WORK INSTRUCTION:
The records below must be repeated exactly, but without their pictures.

:: AVAILABLE DATA ::

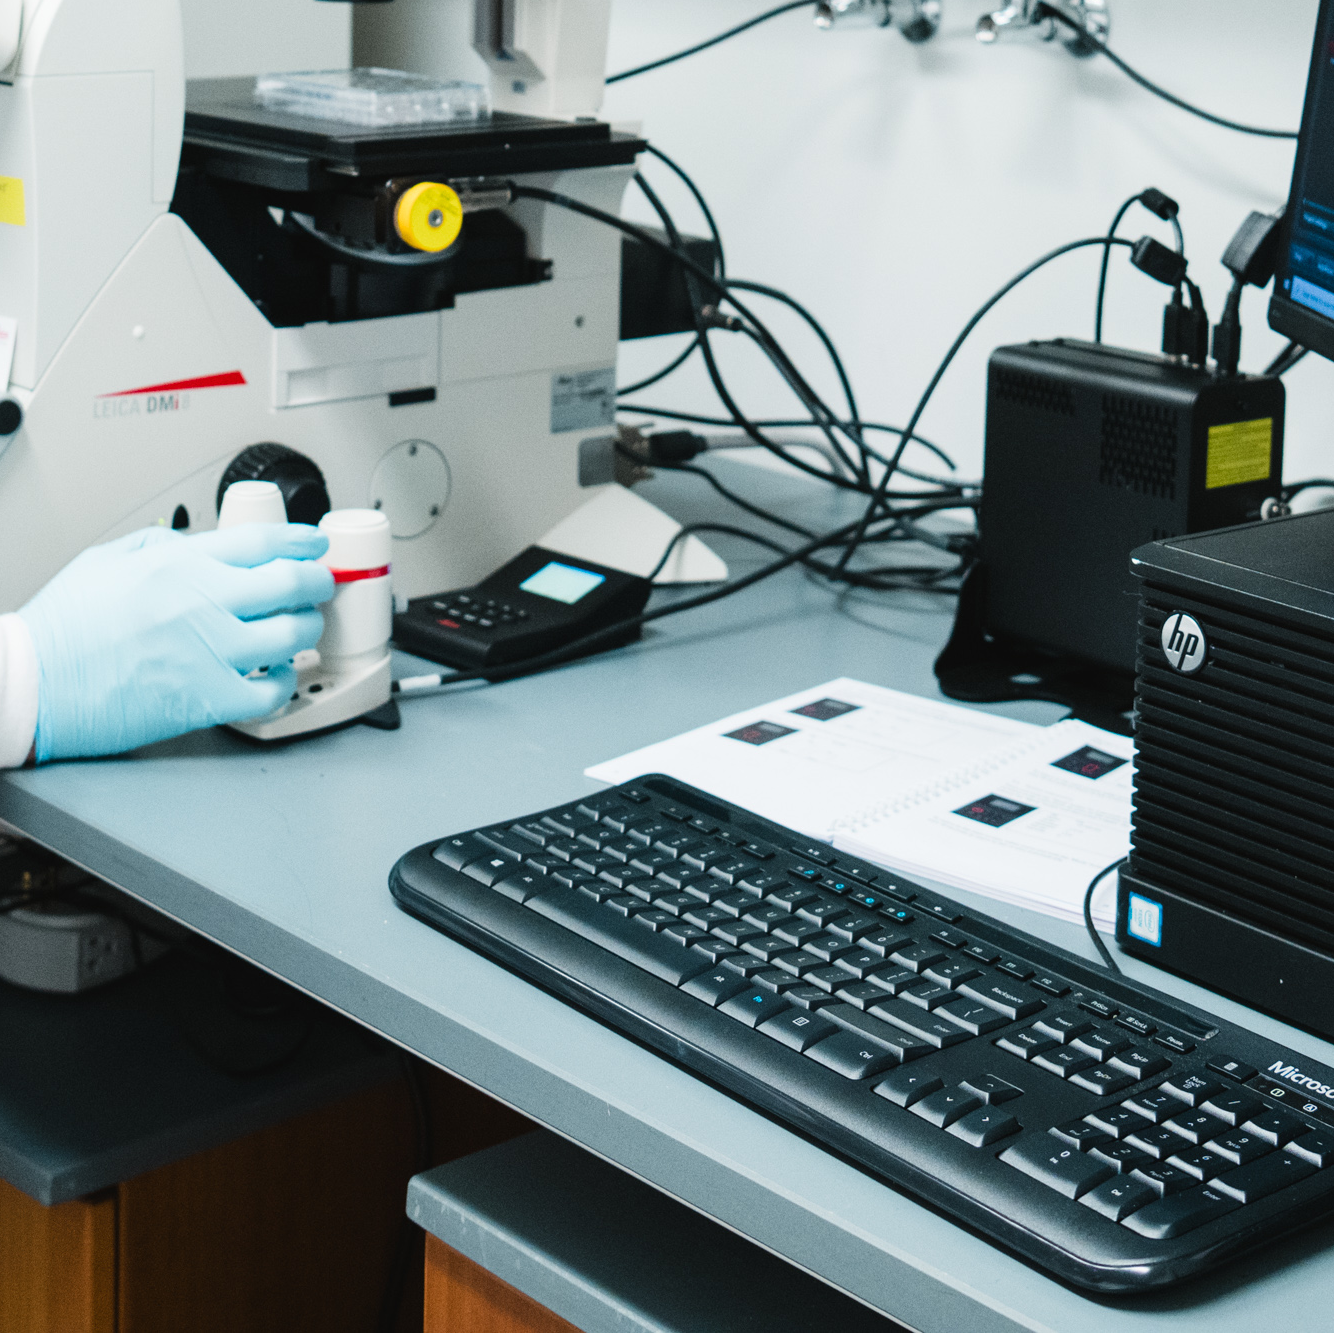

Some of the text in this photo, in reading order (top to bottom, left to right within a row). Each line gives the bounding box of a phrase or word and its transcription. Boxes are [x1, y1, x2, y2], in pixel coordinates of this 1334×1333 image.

[93, 398, 140, 419] LEICA
[1166, 613, 1201, 671] hp
[991, 987, 1024, 1004] Backspace
[1090, 1000, 1109, 1012] PrtScn
[1054, 1016, 1073, 1027] Insert
[933, 1024, 952, 1033] Enter
[1018, 1033, 1038, 1044] Delete
[1092, 1034, 1111, 1045] Home
[1166, 1036, 1184, 1047] Pause
[859, 1050, 874, 1060] Ctrl
[1059, 1053, 1073, 1061] End
[1131, 1052, 1149, 1063] PgUp
[1094, 1070, 1112, 1081] PgDn
[1190, 1075, 1207, 1086] Num
[1202, 1189, 1221, 1201] Enter
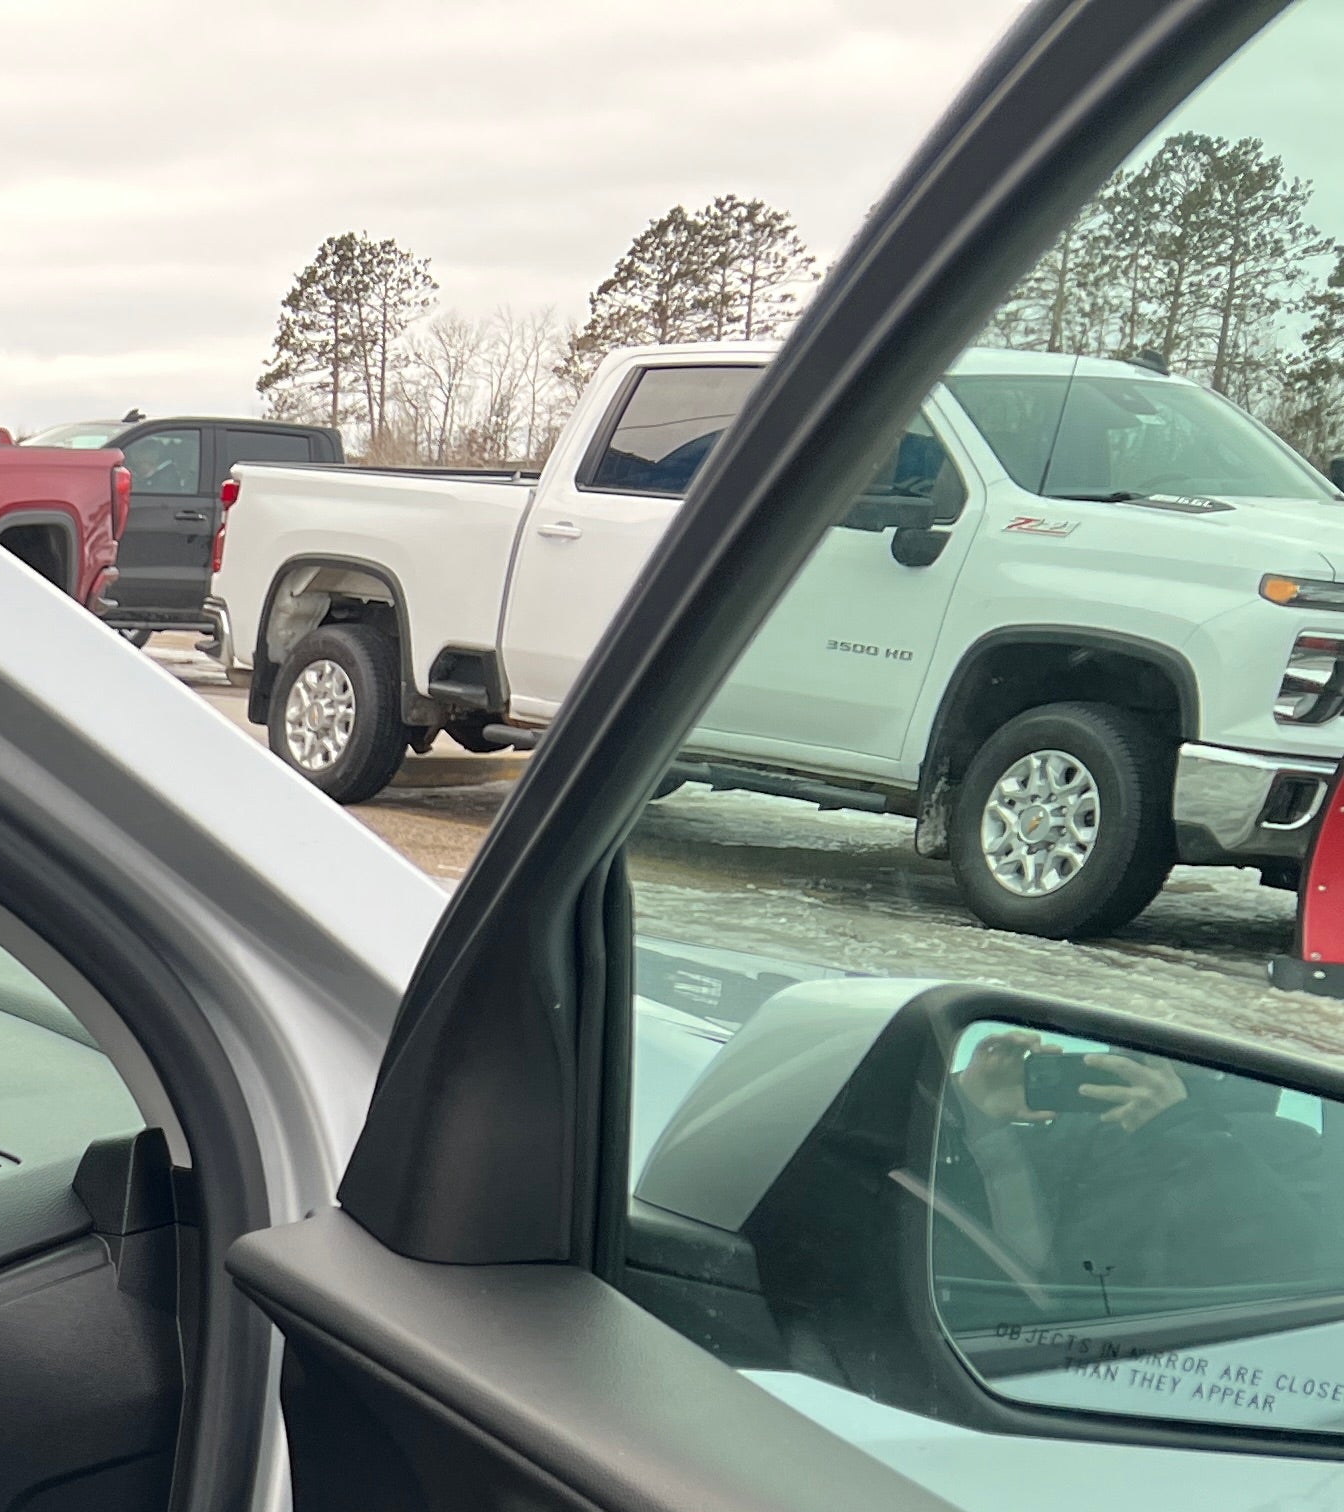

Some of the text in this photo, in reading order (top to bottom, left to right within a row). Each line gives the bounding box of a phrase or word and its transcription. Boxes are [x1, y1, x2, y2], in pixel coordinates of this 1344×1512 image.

[825, 638, 914, 662] 3500 HD
[996, 1321, 1093, 1354] OBJECTS
[1099, 1341, 1121, 1359] IN
[1129, 1346, 1209, 1376] MIRROR
[1219, 1364, 1265, 1387] ARE
[1064, 1355, 1276, 1413] THAN THEY APPEAR
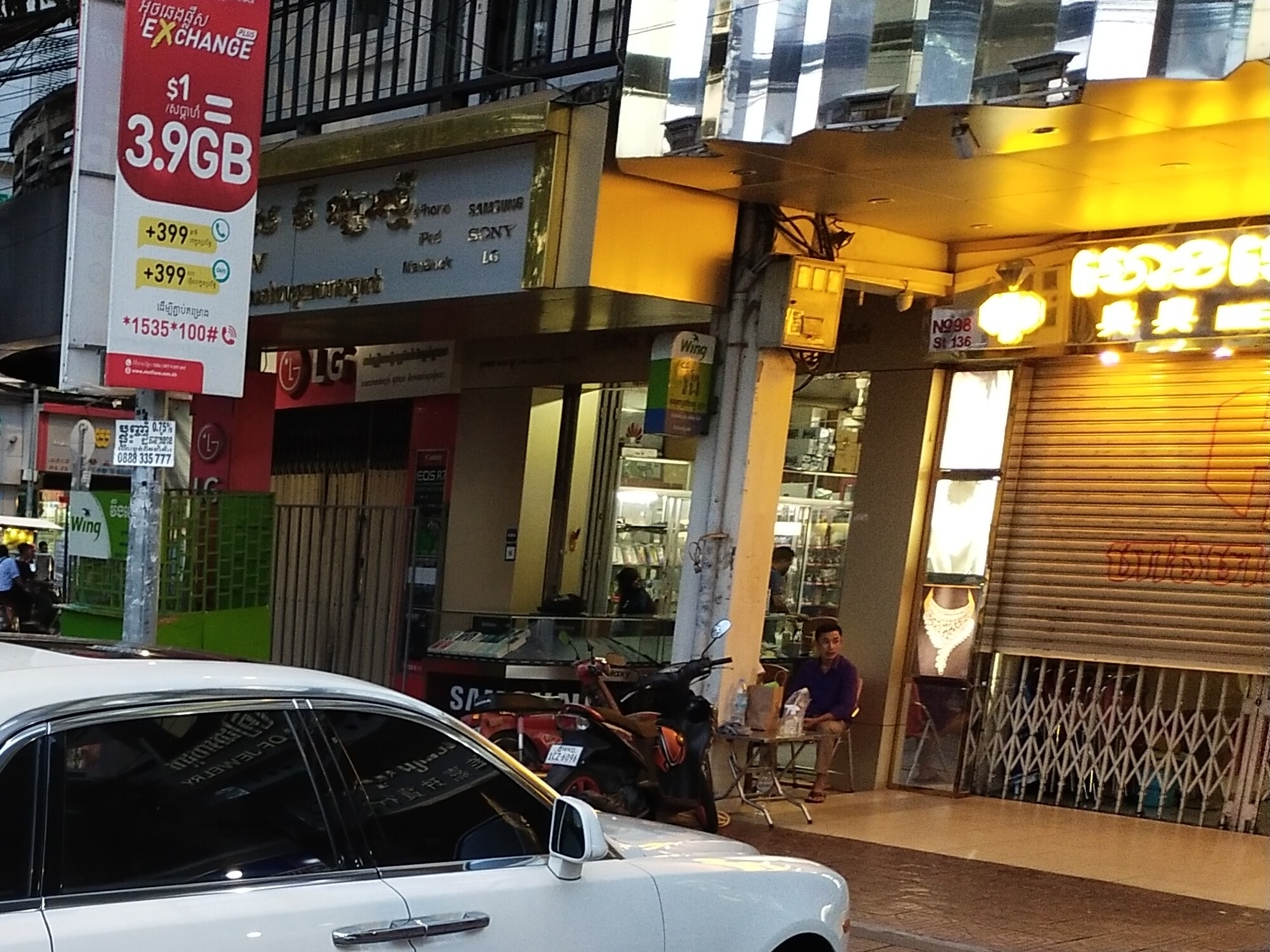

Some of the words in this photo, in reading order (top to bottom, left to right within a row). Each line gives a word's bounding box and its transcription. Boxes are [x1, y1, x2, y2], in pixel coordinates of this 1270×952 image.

[142, 17, 254, 60] EXCHANGE
[166, 73, 190, 101] $1
[125, 114, 253, 185] 3.9GB
[468, 196, 524, 216] SAMSUNG
[145, 221, 189, 245] +399
[467, 224, 517, 242] SONY
[481, 249, 500, 265] LG
[143, 263, 186, 286] +399
[680, 338, 708, 361] Wing
[933, 336, 947, 349] St
[950, 335, 972, 348] 136
[309, 347, 345, 383] LG
[139, 452, 153, 464] 335
[155, 453, 171, 465] 777
[71, 515, 102, 542] Wing
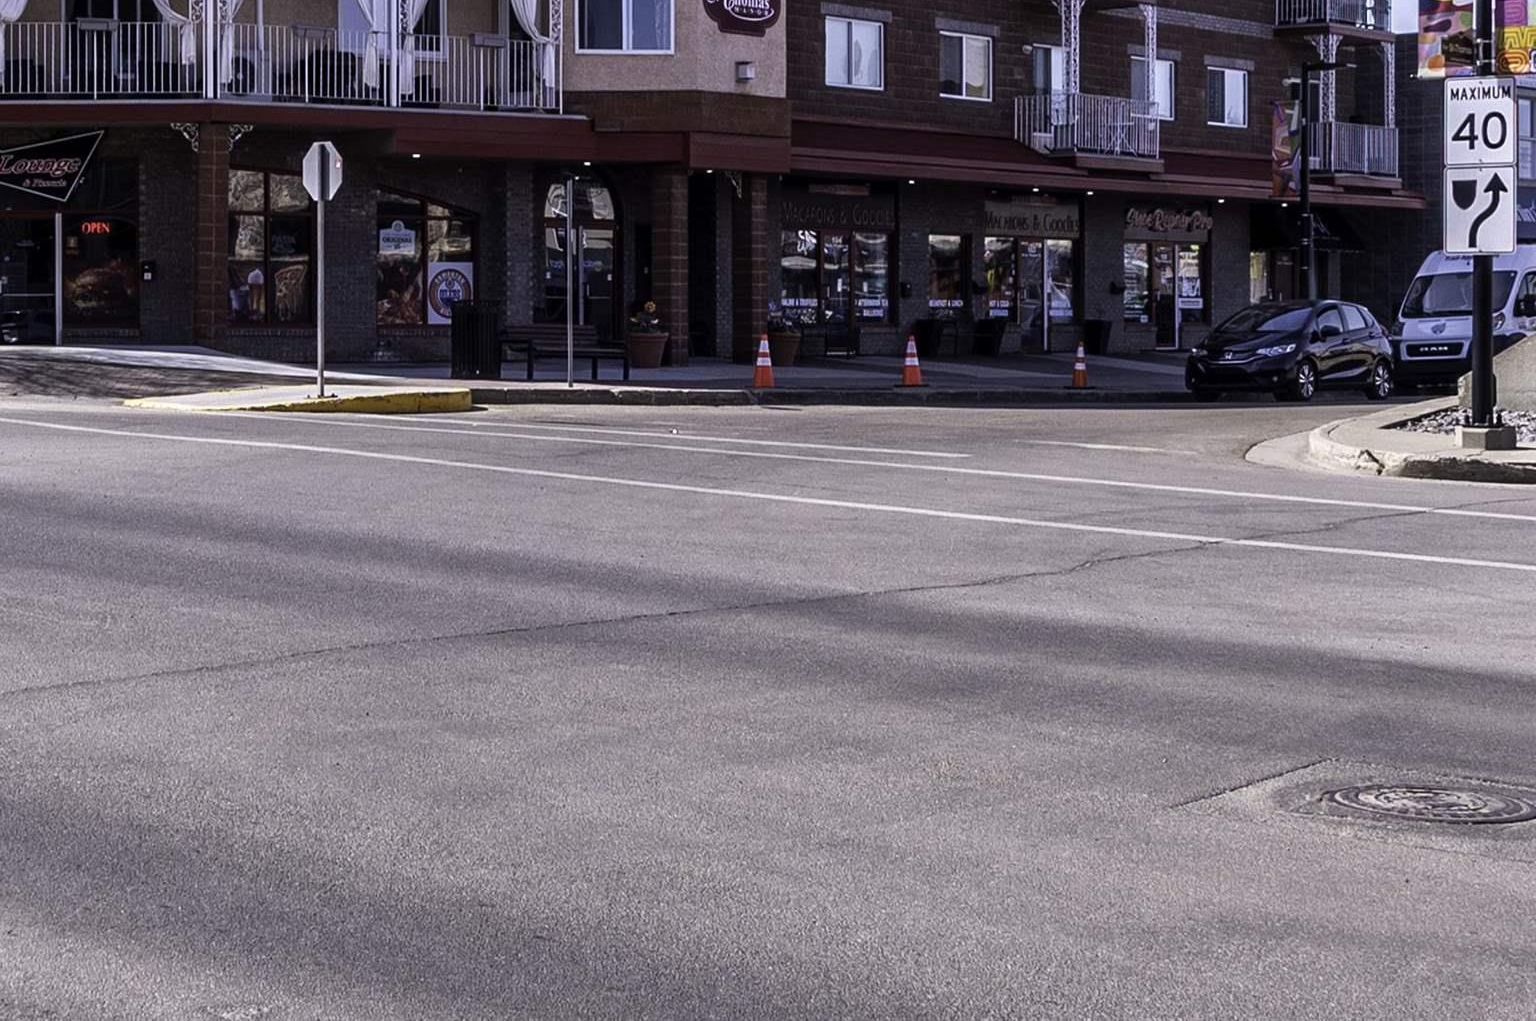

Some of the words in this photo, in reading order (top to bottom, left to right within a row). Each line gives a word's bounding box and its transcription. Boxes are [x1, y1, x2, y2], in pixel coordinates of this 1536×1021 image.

:::

SOLUTION BELOW:
Some of the text in this photo, in reading order (top to bottom, left to right within a row). Each line gives the bounding box of a phrase or word and its transcription. Boxes are [x1, y1, x2, y2], in pixel coordinates of this 1334×1333 image.

[93, 398, 140, 419] LEICA
[1166, 613, 1201, 671] hp
[991, 987, 1024, 1004] Backspace
[1090, 1000, 1109, 1012] PrtScn
[1054, 1016, 1073, 1027] Insert
[933, 1024, 952, 1033] Enter
[1018, 1033, 1038, 1044] Delete
[1092, 1034, 1111, 1045] Home
[1166, 1036, 1184, 1047] Pause
[859, 1050, 874, 1060] Ctrl
[1059, 1053, 1073, 1061] End
[1131, 1052, 1149, 1063] PgUp
[1094, 1070, 1112, 1081] PgDn
[1190, 1075, 1207, 1086] Num
[1202, 1189, 1221, 1201] Enter

Some of the text in this photo, in reading order (top to bottom, left to right within a row). Each line gives the bounding box of a phrase or word and its transcription. Boxes are [x1, y1, x2, y2], in pixel coordinates of this 1344×1512 image.

[825, 638, 914, 662] 3500 HD
[996, 1321, 1093, 1354] OBJECTS
[1099, 1341, 1121, 1359] IN
[1129, 1346, 1209, 1376] MIRROR
[1219, 1364, 1265, 1387] ARE
[1064, 1355, 1276, 1413] THAN THEY APPEAR

Some of the words in this photo, in reading order (top to bottom, left to right within a row). Each line gives a word's bounding box and its transcription. Boxes are [x1, y1, x2, y2], in pixel coordinates of this 1270×952 image.

[142, 17, 254, 60] EXCHANGE
[166, 73, 190, 101] $1
[125, 114, 253, 185] 3.9GB
[468, 196, 524, 216] SAMSUNG
[145, 221, 189, 245] +399
[467, 224, 517, 242] SONY
[481, 249, 500, 265] LG
[143, 263, 186, 286] +399
[680, 338, 708, 361] Wing
[933, 336, 947, 349] St
[950, 335, 972, 348] 136
[309, 347, 345, 383] LG
[139, 452, 153, 464] 335
[155, 453, 171, 465] 777
[71, 515, 102, 542] Wing

Some of the words in this photo, in reading order (top to bottom, left to right within a row). Each line gives a word's bounding box and its transcription. Boxes are [x1, y1, x2, y2], in pixel coordinates of this 1536×1021 image.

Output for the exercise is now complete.